From the first line to the last, return the data exactly as it stands.

[Dataset extract]

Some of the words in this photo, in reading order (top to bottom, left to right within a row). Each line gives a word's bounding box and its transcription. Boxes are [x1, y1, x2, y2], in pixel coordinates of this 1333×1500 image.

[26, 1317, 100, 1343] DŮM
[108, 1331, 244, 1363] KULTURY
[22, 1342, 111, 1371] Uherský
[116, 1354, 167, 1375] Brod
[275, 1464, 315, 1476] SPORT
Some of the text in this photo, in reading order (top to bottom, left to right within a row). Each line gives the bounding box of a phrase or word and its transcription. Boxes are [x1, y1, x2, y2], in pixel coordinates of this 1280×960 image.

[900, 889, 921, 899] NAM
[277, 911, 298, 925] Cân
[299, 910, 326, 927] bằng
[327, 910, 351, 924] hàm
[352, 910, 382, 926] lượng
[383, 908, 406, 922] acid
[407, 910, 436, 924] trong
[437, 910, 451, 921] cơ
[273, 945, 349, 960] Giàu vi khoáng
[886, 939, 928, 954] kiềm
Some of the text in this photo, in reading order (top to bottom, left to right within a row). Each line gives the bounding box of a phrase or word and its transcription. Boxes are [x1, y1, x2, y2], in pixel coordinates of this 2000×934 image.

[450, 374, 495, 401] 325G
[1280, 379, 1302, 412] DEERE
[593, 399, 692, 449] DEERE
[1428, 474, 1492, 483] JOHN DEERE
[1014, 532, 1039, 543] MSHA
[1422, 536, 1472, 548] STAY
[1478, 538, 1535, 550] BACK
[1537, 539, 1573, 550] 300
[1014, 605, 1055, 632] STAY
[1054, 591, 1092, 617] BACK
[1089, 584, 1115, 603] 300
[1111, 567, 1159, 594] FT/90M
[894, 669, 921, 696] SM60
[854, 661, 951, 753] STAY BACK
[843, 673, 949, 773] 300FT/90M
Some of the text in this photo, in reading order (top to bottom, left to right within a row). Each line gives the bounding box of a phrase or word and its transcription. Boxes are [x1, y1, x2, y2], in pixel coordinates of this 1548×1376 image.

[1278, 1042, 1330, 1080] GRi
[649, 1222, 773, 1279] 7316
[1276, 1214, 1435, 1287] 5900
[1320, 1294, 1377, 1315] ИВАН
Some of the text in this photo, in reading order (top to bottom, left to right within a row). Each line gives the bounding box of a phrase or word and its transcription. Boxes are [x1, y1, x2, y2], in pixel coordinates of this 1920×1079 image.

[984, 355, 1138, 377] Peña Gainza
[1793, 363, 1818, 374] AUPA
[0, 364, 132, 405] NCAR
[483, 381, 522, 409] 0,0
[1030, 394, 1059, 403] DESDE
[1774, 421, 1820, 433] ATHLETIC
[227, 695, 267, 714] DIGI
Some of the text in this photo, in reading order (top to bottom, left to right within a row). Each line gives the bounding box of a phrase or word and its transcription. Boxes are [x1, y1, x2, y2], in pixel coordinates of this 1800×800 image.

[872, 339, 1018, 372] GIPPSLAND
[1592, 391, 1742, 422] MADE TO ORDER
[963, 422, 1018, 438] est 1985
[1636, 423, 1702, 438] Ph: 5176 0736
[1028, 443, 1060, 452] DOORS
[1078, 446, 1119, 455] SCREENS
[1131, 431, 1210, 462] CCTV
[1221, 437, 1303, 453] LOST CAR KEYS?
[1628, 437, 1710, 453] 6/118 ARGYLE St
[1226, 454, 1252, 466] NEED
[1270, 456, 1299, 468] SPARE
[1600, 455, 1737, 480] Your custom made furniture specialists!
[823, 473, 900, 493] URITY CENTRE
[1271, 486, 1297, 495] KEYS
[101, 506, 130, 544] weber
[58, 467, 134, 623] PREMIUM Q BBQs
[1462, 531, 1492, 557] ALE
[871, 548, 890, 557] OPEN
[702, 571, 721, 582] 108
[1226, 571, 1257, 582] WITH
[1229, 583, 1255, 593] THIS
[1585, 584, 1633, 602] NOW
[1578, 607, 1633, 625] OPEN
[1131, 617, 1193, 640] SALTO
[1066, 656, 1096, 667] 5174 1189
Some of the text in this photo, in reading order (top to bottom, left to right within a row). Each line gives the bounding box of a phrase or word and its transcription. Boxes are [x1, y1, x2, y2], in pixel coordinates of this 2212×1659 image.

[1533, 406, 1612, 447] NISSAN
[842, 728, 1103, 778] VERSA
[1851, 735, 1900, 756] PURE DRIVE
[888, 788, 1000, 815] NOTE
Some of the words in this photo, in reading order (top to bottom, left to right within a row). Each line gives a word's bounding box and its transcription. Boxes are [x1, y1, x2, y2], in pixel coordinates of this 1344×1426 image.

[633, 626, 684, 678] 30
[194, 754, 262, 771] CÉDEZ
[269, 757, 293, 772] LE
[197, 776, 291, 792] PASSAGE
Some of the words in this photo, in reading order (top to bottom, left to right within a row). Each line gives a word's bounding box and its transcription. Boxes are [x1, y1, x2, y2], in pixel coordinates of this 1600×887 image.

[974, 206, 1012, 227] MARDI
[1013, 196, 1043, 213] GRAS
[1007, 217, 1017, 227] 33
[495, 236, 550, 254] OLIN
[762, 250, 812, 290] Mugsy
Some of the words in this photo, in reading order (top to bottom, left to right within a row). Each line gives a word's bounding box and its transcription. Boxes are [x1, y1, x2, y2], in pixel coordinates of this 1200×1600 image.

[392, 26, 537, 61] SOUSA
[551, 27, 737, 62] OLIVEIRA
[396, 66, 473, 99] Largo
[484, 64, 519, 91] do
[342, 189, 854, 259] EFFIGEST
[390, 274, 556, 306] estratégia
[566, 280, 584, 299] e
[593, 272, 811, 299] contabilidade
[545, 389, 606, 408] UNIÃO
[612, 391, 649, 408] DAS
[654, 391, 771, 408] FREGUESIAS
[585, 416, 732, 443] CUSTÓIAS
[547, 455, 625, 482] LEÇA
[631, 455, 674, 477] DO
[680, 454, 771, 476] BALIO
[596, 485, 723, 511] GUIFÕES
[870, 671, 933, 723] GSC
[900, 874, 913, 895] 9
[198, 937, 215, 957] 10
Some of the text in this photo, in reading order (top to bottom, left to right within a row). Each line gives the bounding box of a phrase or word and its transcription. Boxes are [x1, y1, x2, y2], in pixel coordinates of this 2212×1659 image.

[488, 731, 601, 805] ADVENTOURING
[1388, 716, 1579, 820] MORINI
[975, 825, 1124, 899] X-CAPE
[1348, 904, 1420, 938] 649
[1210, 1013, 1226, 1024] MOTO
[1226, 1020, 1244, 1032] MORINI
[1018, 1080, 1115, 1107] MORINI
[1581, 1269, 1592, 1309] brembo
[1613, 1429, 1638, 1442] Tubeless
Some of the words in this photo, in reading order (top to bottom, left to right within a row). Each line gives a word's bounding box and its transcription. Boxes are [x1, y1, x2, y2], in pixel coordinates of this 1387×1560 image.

[/Dataset extract]

- **Task output**
Some of the words in this photo, in reading order (top to bottom, left to right within a row). Each line gives a word's bounding box and its transcription. Boxes are [x1, y1, x2, y2], in pixel coordinates of this 1333×1500 image.

[26, 1317, 100, 1343] DŮM
[108, 1331, 244, 1363] KULTURY
[22, 1342, 111, 1371] Uherský
[116, 1354, 167, 1375] Brod
[275, 1464, 315, 1476] SPORT
Some of the text in this photo, in reading order (top to bottom, left to right within a row). Each line gives the bounding box of a phrase or word and its transcription. Boxes are [x1, y1, x2, y2], in pixel coordinates of this 1280×960 image.

[900, 889, 921, 899] NAM
[277, 911, 298, 925] Cân
[299, 910, 326, 927] bằng
[327, 910, 351, 924] hàm
[352, 910, 382, 926] lượng
[383, 908, 406, 922] acid
[407, 910, 436, 924] trong
[437, 910, 451, 921] cơ
[273, 945, 349, 960] Giàu vi khoáng
[886, 939, 928, 954] kiềm
Some of the text in this photo, in reading order (top to bottom, left to right within a row). Each line gives the bounding box of a phrase or word and its transcription. Boxes are [x1, y1, x2, y2], in pixel coordinates of this 2000×934 image.

[450, 374, 495, 401] 325G
[1280, 379, 1302, 412] DEERE
[593, 399, 692, 449] DEERE
[1428, 474, 1492, 483] JOHN DEERE
[1014, 532, 1039, 543] MSHA
[1422, 536, 1472, 548] STAY
[1478, 538, 1535, 550] BACK
[1537, 539, 1573, 550] 300
[1014, 605, 1055, 632] STAY
[1054, 591, 1092, 617] BACK
[1089, 584, 1115, 603] 300
[1111, 567, 1159, 594] FT/90M
[894, 669, 921, 696] SM60
[854, 661, 951, 753] STAY BACK
[843, 673, 949, 773] 300FT/90M
Some of the text in this photo, in reading order (top to bottom, left to right within a row). Each line gives the bounding box of a phrase or word and its transcription. Boxes are [x1, y1, x2, y2], in pixel coordinates of this 1548×1376 image.

[1278, 1042, 1330, 1080] GRi
[649, 1222, 773, 1279] 7316
[1276, 1214, 1435, 1287] 5900
[1320, 1294, 1377, 1315] ИВАН
Some of the text in this photo, in reading order (top to bottom, left to right within a row). Each line gives the bounding box of a phrase or word and its transcription. Boxes are [x1, y1, x2, y2], in pixel coordinates of this 1920×1079 image.

[984, 355, 1138, 377] Peña Gainza
[1793, 363, 1818, 374] AUPA
[0, 364, 132, 405] NCAR
[483, 381, 522, 409] 0,0
[1030, 394, 1059, 403] DESDE
[1774, 421, 1820, 433] ATHLETIC
[227, 695, 267, 714] DIGI
Some of the text in this photo, in reading order (top to bottom, left to right within a row). Each line gives the bounding box of a phrase or word and its transcription. Boxes are [x1, y1, x2, y2], in pixel coordinates of this 1800×800 image.

[872, 339, 1018, 372] GIPPSLAND
[1592, 391, 1742, 422] MADE TO ORDER
[963, 422, 1018, 438] est 1985
[1636, 423, 1702, 438] Ph: 5176 0736
[1028, 443, 1060, 452] DOORS
[1078, 446, 1119, 455] SCREENS
[1131, 431, 1210, 462] CCTV
[1221, 437, 1303, 453] LOST CAR KEYS?
[1628, 437, 1710, 453] 6/118 ARGYLE St
[1226, 454, 1252, 466] NEED
[1270, 456, 1299, 468] SPARE
[1600, 455, 1737, 480] Your custom made furniture specialists!
[823, 473, 900, 493] URITY CENTRE
[1271, 486, 1297, 495] KEYS
[101, 506, 130, 544] weber
[58, 467, 134, 623] PREMIUM Q BBQs
[1462, 531, 1492, 557] ALE
[871, 548, 890, 557] OPEN
[702, 571, 721, 582] 108
[1226, 571, 1257, 582] WITH
[1229, 583, 1255, 593] THIS
[1585, 584, 1633, 602] NOW
[1578, 607, 1633, 625] OPEN
[1131, 617, 1193, 640] SALTO
[1066, 656, 1096, 667] 5174 1189
Some of the text in this photo, in reading order (top to bottom, left to right within a row). Each line gives the bounding box of a phrase or word and its transcription. Boxes are [x1, y1, x2, y2], in pixel coordinates of this 2212×1659 image.

[1533, 406, 1612, 447] NISSAN
[842, 728, 1103, 778] VERSA
[1851, 735, 1900, 756] PURE DRIVE
[888, 788, 1000, 815] NOTE
Some of the words in this photo, in reading order (top to bottom, left to right within a row). Each line gives a word's bounding box and its transcription. Boxes are [x1, y1, x2, y2], in pixel coordinates of this 1344×1426 image.

[633, 626, 684, 678] 30
[194, 754, 262, 771] CÉDEZ
[269, 757, 293, 772] LE
[197, 776, 291, 792] PASSAGE
Some of the words in this photo, in reading order (top to bottom, left to right within a row). Each line gives a word's bounding box and its transcription. Boxes are [x1, y1, x2, y2], in pixel coordinates of this 1600×887 image.

[974, 206, 1012, 227] MARDI
[1013, 196, 1043, 213] GRAS
[1007, 217, 1017, 227] 33
[495, 236, 550, 254] OLIN
[762, 250, 812, 290] Mugsy
Some of the words in this photo, in reading order (top to bottom, left to right within a row). Each line gives a word's bounding box and its transcription. Boxes are [x1, y1, x2, y2], in pixel coordinates of this 1200×1600 image.

[392, 26, 537, 61] SOUSA
[551, 27, 737, 62] OLIVEIRA
[396, 66, 473, 99] Largo
[484, 64, 519, 91] do
[342, 189, 854, 259] EFFIGEST
[390, 274, 556, 306] estratégia
[566, 280, 584, 299] e
[593, 272, 811, 299] contabilidade
[545, 389, 606, 408] UNIÃO
[612, 391, 649, 408] DAS
[654, 391, 771, 408] FREGUESIAS
[585, 416, 732, 443] CUSTÓIAS
[547, 455, 625, 482] LEÇA
[631, 455, 674, 477] DO
[680, 454, 771, 476] BALIO
[596, 485, 723, 511] GUIFÕES
[870, 671, 933, 723] GSC
[900, 874, 913, 895] 9
[198, 937, 215, 957] 10
Some of the text in this photo, in reading order (top to bottom, left to right within a row). Each line gives the bounding box of a phrase or word and its transcription. Boxes are [x1, y1, x2, y2], in pixel coordinates of this 2212×1659 image.

[488, 731, 601, 805] ADVENTOURING
[1388, 716, 1579, 820] MORINI
[975, 825, 1124, 899] X-CAPE
[1348, 904, 1420, 938] 649
[1210, 1013, 1226, 1024] MOTO
[1226, 1020, 1244, 1032] MORINI
[1018, 1080, 1115, 1107] MORINI
[1581, 1269, 1592, 1309] brembo
[1613, 1429, 1638, 1442] Tubeless
Some of the words in this photo, in reading order (top to bottom, left to right within a row). Each line gives a word's bounding box and its transcription. Boxes are [x1, y1, x2, y2], in pixel coordinates of this 1387×1560 image.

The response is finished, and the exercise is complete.